Section 2056 of the federal estate tax permits the deceased to provide surviving spouse the freedom and unconditional power to manage the life estate for her/his own benefit. The surviving partner has the power to manage and control the property and receive all the benefits of the property during his/her lifetime. The law also states that when the whole estate of the decedent is left for the surviving spouse, first spouse loses his/her lifetime exemption. The surviving spouse is left with the obligation to do estate and tax planning as combines estates.It’s easier when the combined estates are less than $2 million.
The statement of the law is: “For purposes of the tax imposed by section 2001, value of the taxable estate shall, except as limited by subsection (b), be determined by deducting from the value of the gross estate an amount equal to the value of any interest in property which passes or has passed from the decedent to his surviving spouse, but only to the extent that such interest is included in determining the value of the gross estate.”
There are 6 basic requirements for the marital deduction to come into action:
1. There should be surviving spouse
2. The descendent and the surviving spouse must be legally married under the federal law.
3. The surviving spouse must be U.S citizen or registered to a QDOT.
4. The property should be added to the gross estate of the surviving spouse.
5. Whatever is left by the descendant for the surviving partner (asset/property/life insurance) must be received by the surviving spouse only and it is not transferable.
6. The property interest cannot be a non-deductible terminal interest; otherwise the surviving spouse will not be able to use the benefits of the act.

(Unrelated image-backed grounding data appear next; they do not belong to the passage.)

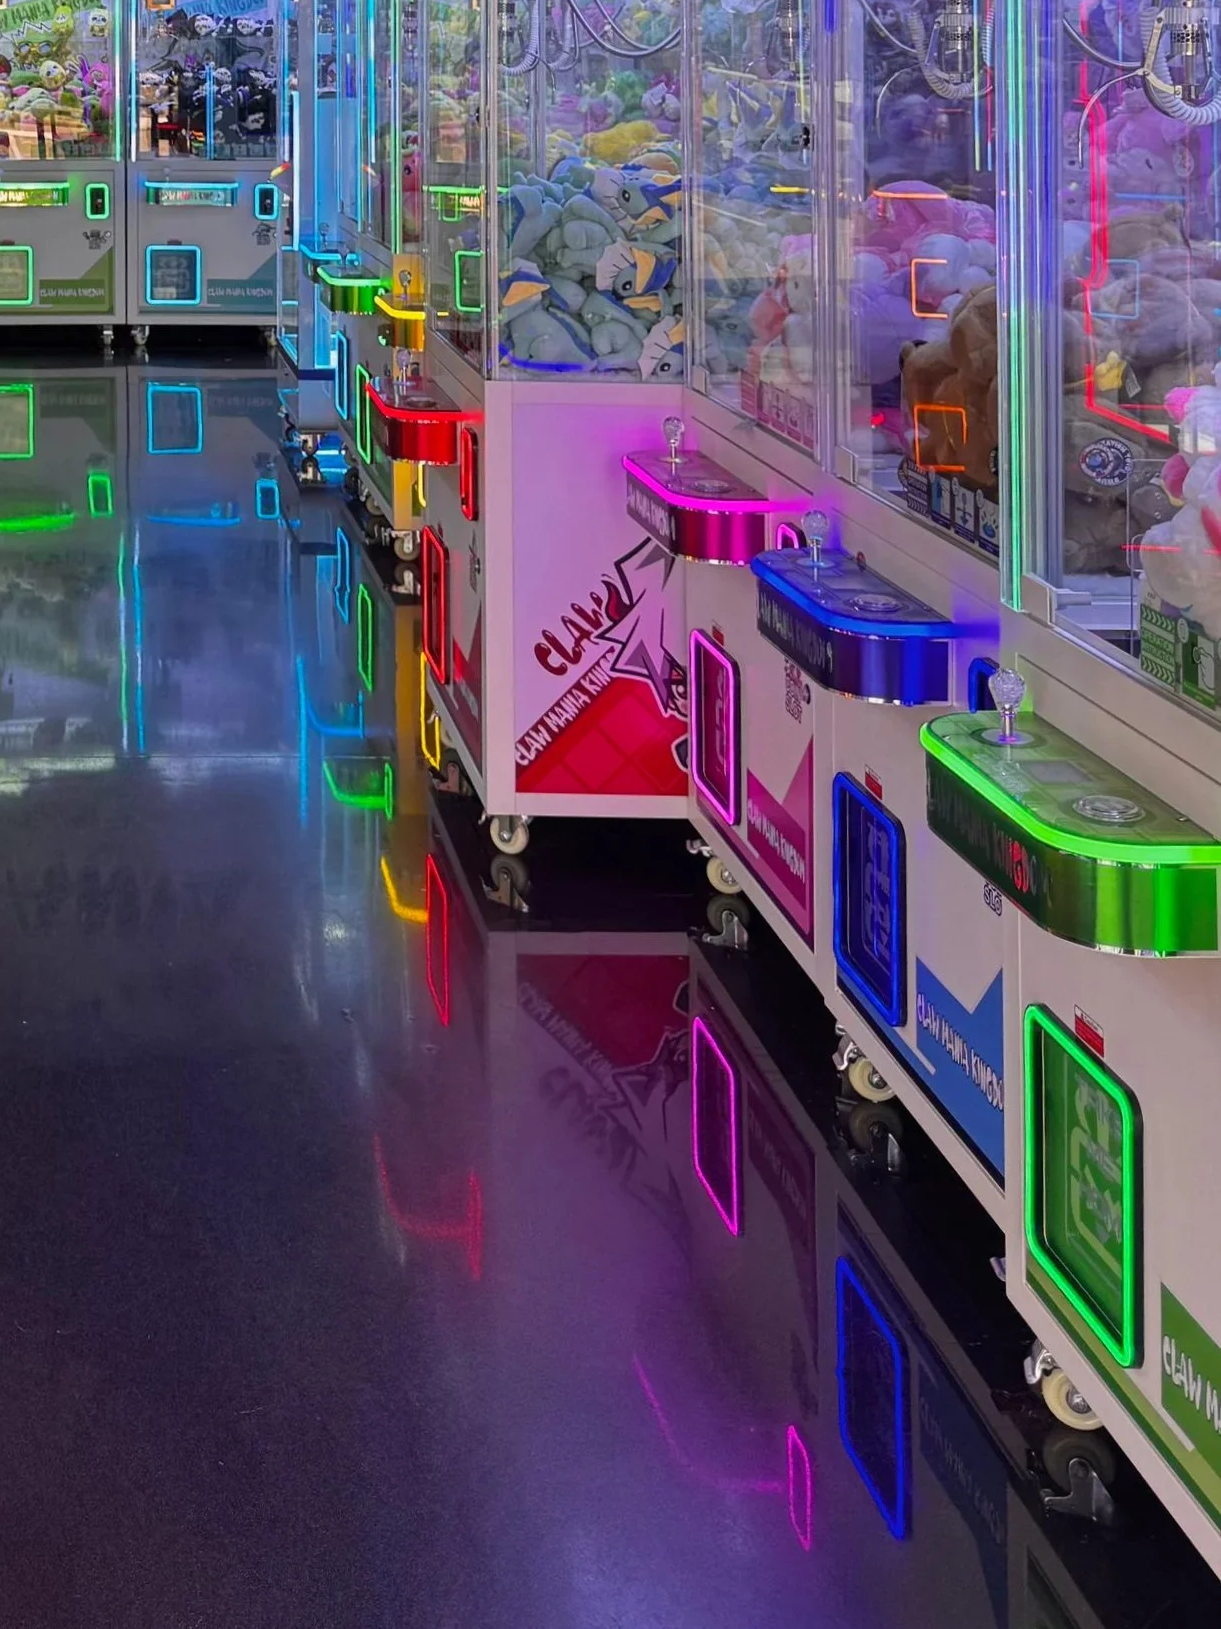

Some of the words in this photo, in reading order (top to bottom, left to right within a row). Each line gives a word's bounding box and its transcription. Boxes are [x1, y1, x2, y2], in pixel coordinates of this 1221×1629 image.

[533, 590, 604, 676] CLAW
[515, 728, 553, 766] CLAW
[547, 687, 592, 733] MANIA
[916, 992, 941, 1048] CLAW
[941, 1018, 970, 1078] MANIA
[1162, 1335, 1203, 1412] CLAW

The idea of IRC Section 2056 simply is that the spouse can pass his / her property or asset to the surviving partner without the property/asset being taxed. The federal law exempts the spouses to take the advantage of this break by creating a “marital deduction trust” during their lifetime. After the trust comes in action both the partners can escape their federal estate taxes when they kick the bucket.ii Otherwise this was only possible for the deceased partner through the section 2056 deduction. There are various formalities to be taken into account when forming a trust. For a trust to claim the deduction, the surviving spouse must adhere to following points:
• The surviving partner must be the only beneficiary of the trust during her life.
• The surviving partner must be given the power to either receive the benefit from the trust of dispose off the trust at his/her will.
• It must also specify the exact amount or limit to be given to the surviving spouse.